Dwight rilesse la lettera più e più volte: gli sembrava piuttosto convincente ed efficace. Non gli piacevano questi affari burocratici e formali, ma era in quello che consisteva il suo lavoro al ministero, e quindi era costretto a farlo.
Si stava alzando dalla scrivania, dirigendosi verso la credenza per prendere una busta da lettere e la cera per sigillare la lettera, quando un gufo planò in picchiata dentro la stanza attraverso la finestra. Era un grande gufo di dimensioni spropositate, che portava nel becco una sottile lettera chiusa dal sigillo di Hogwarts.
L’uomo gli si avvicinò, gli strappò dal becco la lettera e lo congedò, lasciando che si portasse via una scatoletta intera di biscottini gufici. Dopo di che si affrettò a chiudere la finestra: la fredda tramontana di inizio febbraio non avrebbe sicuramente giovato ai suoi dolori al collo.

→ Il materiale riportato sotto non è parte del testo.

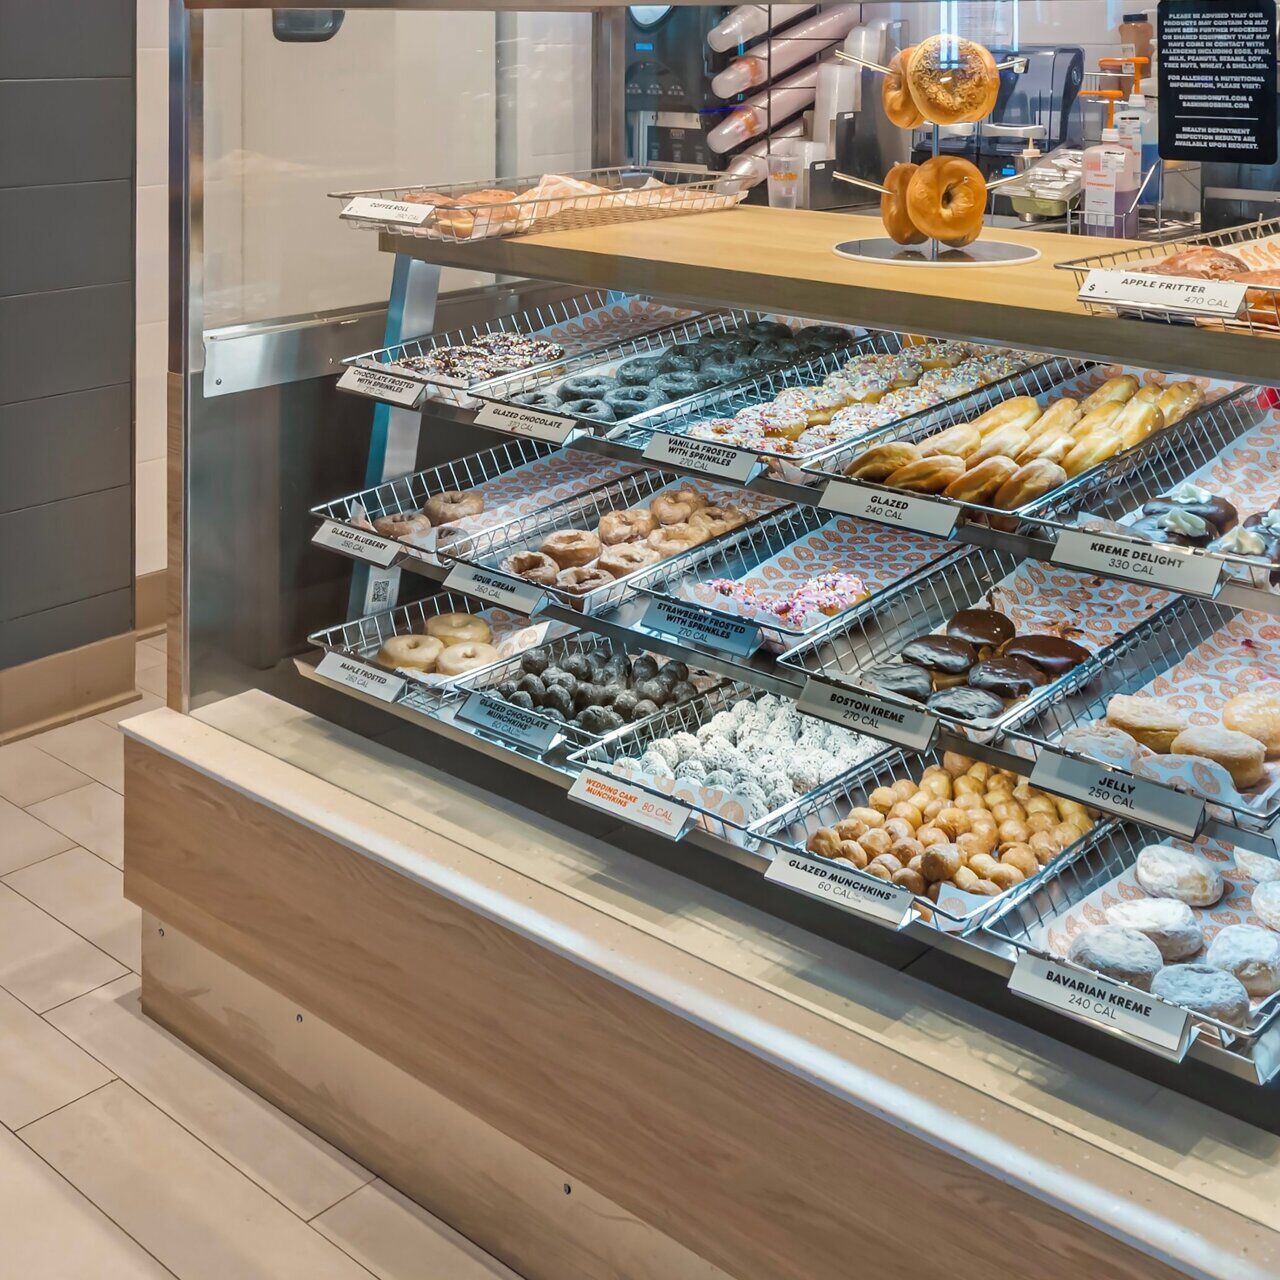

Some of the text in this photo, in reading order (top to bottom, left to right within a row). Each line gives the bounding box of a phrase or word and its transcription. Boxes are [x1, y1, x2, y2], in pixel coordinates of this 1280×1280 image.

Si sedette alla scrivania, e, con tutta calma aprì la lettera, svelandone il contunuto.
”Bristol,
 Maniero Green,
 Studio di Dwight Green.
 Signor Green,
 è convocato, dalla Scuola di Magia e Stregoneria di Hogwarts, a presentarsi entro le sette di questa   sera al già menzionato istituto per tenere un urgente colloquio con il sottoscritto Albus Percival  Wulfric Brian Silente, preside dell’istituto, per trattare di un fatto svoltosi oggi all’ora di pranzo: suo figlio Jackson Green si è “scontrato” con Ronald Weasley, frequentate il secondo anno e facente parte della casa di Griffondoro, i quali genitori sono stati, a sua volta, convocati. I diretti interessati avranno l’obbligo di partecipare all’incontro. Con la speranza di poterla vedere tra poche ore,
                                                                                                                                        Albus Silente”
Dwight, in un impeto di rabbia, gettò la lettera per terra.

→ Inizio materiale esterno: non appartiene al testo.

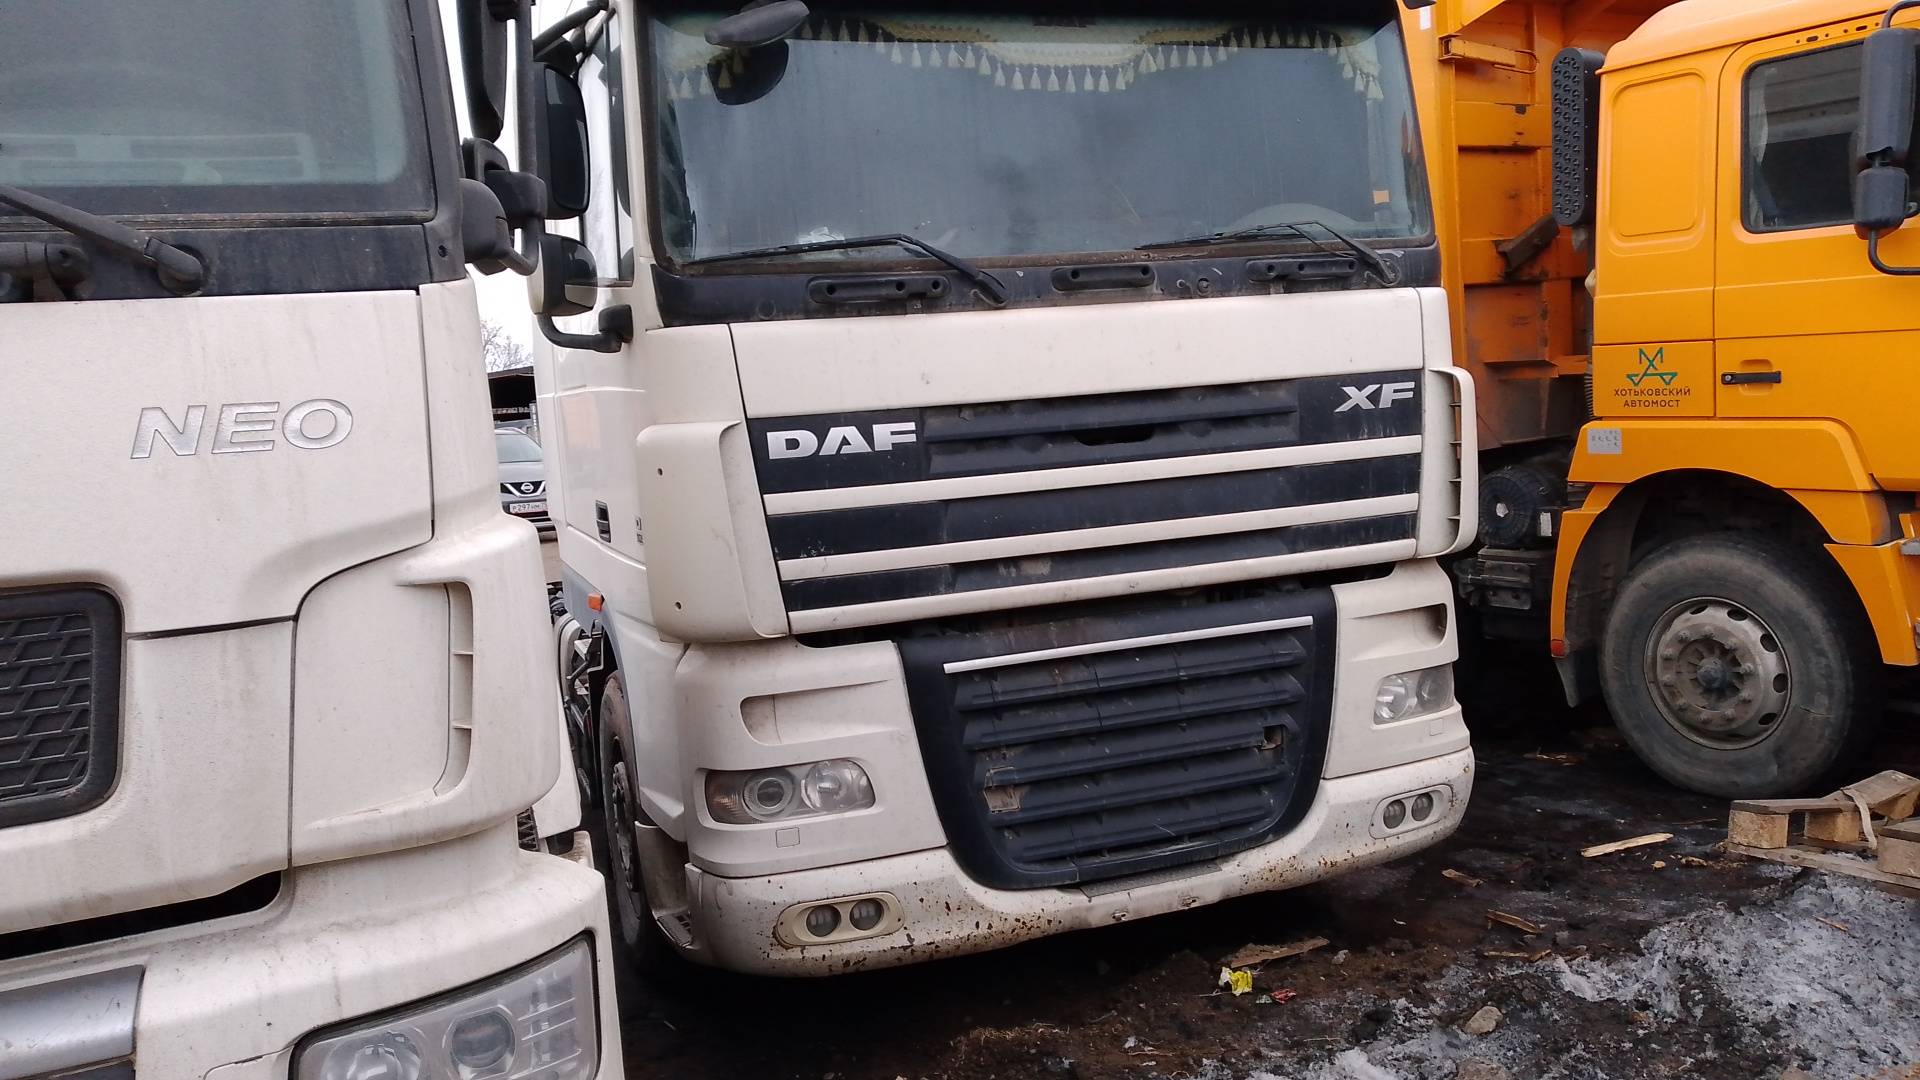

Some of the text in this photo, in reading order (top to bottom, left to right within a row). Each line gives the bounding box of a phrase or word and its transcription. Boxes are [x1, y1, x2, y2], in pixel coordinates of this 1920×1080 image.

[1333, 382, 1415, 412] XF
[1614, 386, 1691, 397] ХОТЬКОВСКИЙ
[1623, 399, 1681, 408] АВТОМОСТ
[130, 398, 353, 459] NEO
[766, 422, 917, 460] DAF

-Guai, guai, sempre stramaledetti guai!- urlò di botto, lanciando un potente pugno al muro che gli stava di fianco. Immediatamente dei piccoli passetti si avvicinarono allo studio. Dalla porta aperta uscì fuori un lungo naso e due occhi spalancati.

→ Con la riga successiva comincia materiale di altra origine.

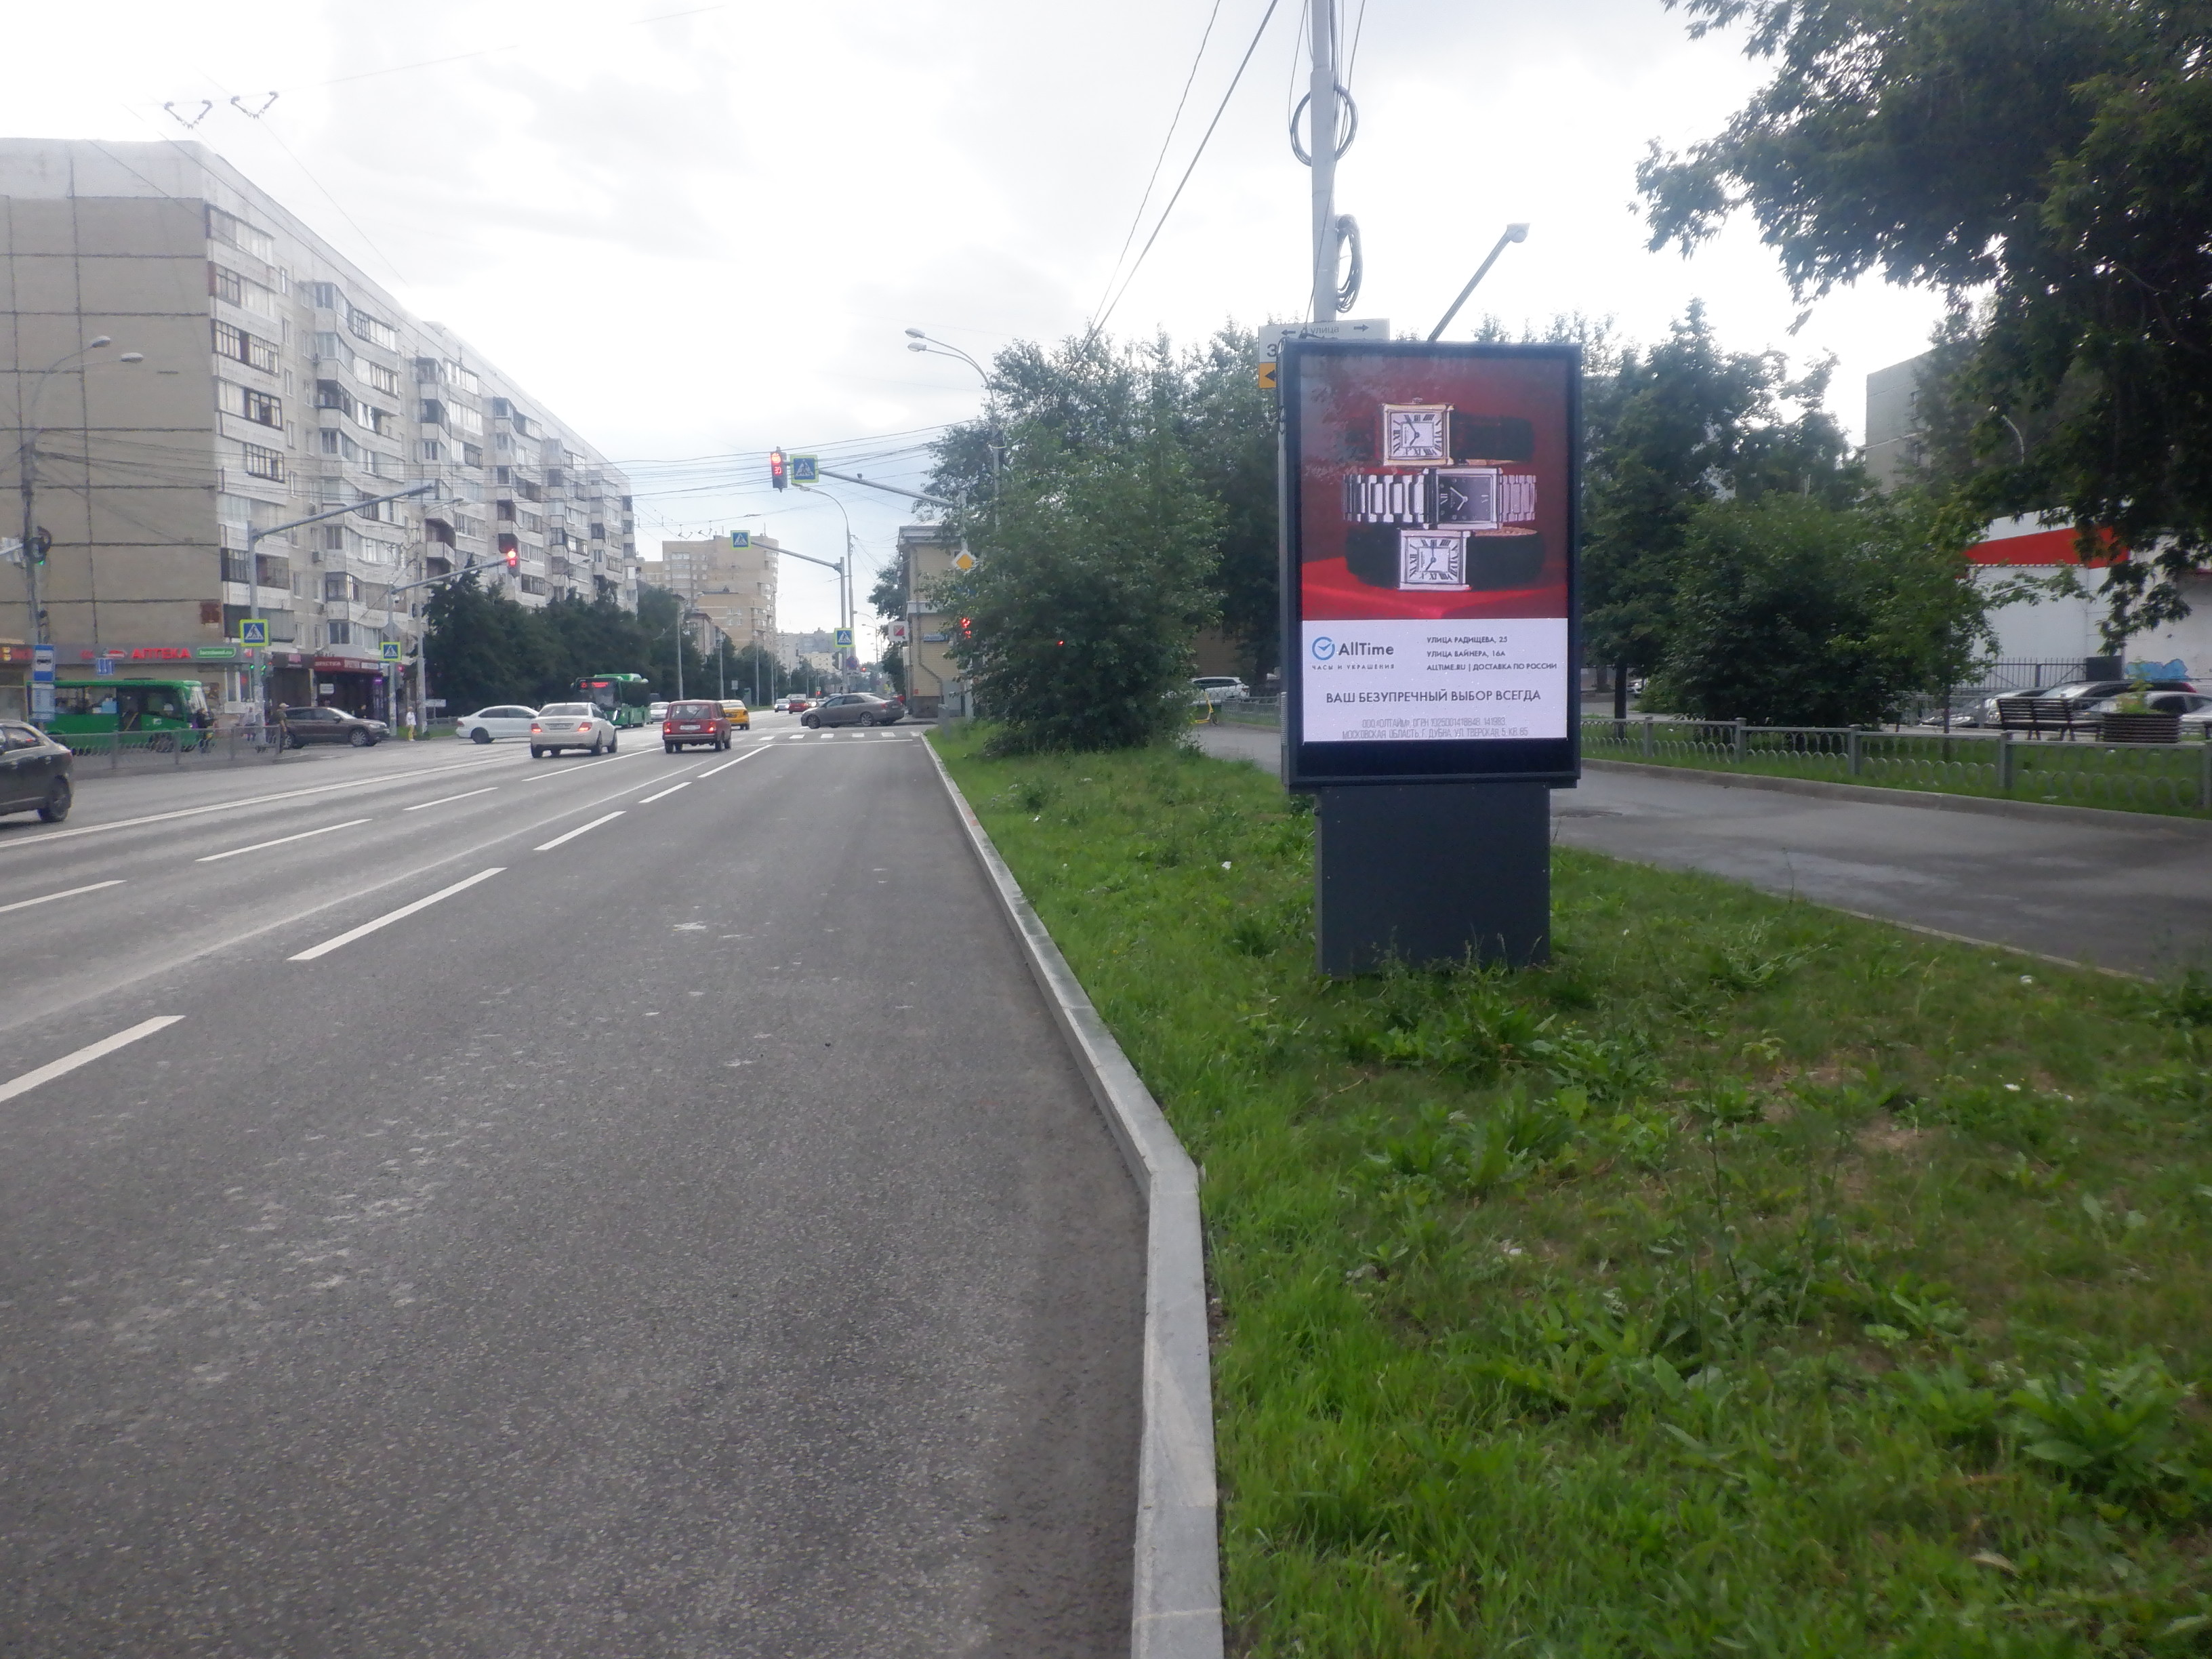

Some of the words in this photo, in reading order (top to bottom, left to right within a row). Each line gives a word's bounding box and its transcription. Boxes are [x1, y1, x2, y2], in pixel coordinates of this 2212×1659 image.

[1311, 326, 1339, 335] улица
[131, 647, 192, 659] АПТЕКА
[1338, 641, 1394, 656] AllTime
[1454, 649, 1489, 658] ВАЙНЕРА,
[1473, 663, 1512, 672] ДОСТАВКА
[1326, 693, 1355, 703] ВАШ
[1359, 689, 1448, 703] БЕЗУПРЕЧНЫЙ
[1451, 691, 1492, 701] ВЫБОР
[1496, 690, 1541, 701] ВСЕГДА
[1362, 719, 1376, 728] ООО

-Ci sono problemi, signore? Celia aiuta.-
Dwight si passò le mani tra i capelli scuri che stavano cominciando ad inevarsi.
-Che ore sono?-
Celia saltò di scatto e si catapultò in cucina per consultare il grande orologio posto sopra ai fornelli e poter dare una risposta al suo padrone. Dopo cinque minuti l’elfa non aveva ancora fatto ritorno. Dwight si alzò scocciato e si avviò con pssi lunghi ed impaziente verso la cucina, dove trovò l’elfa intenta ad osservare con molta concentrazione l’orologio.
-Cosa diavolo stai facendo?-
-Io... Io, signore, pensa di non saper leggere l’orologio, signor Green... A Celia dispiace, Celia si scusa...-
-Potevi dirlo subito, senza farmi perder tempo.- sbuffò l’uomo impaziente: erano le 18.40, ed era in netto ritardo. Si avviò all’ingresso, dove dal grande attaccapanni afferrò di corsa il suo soprabito, per poi smaterializzarsi con un “POP”, lasciando la piccola elfa da sola in una casa desolata.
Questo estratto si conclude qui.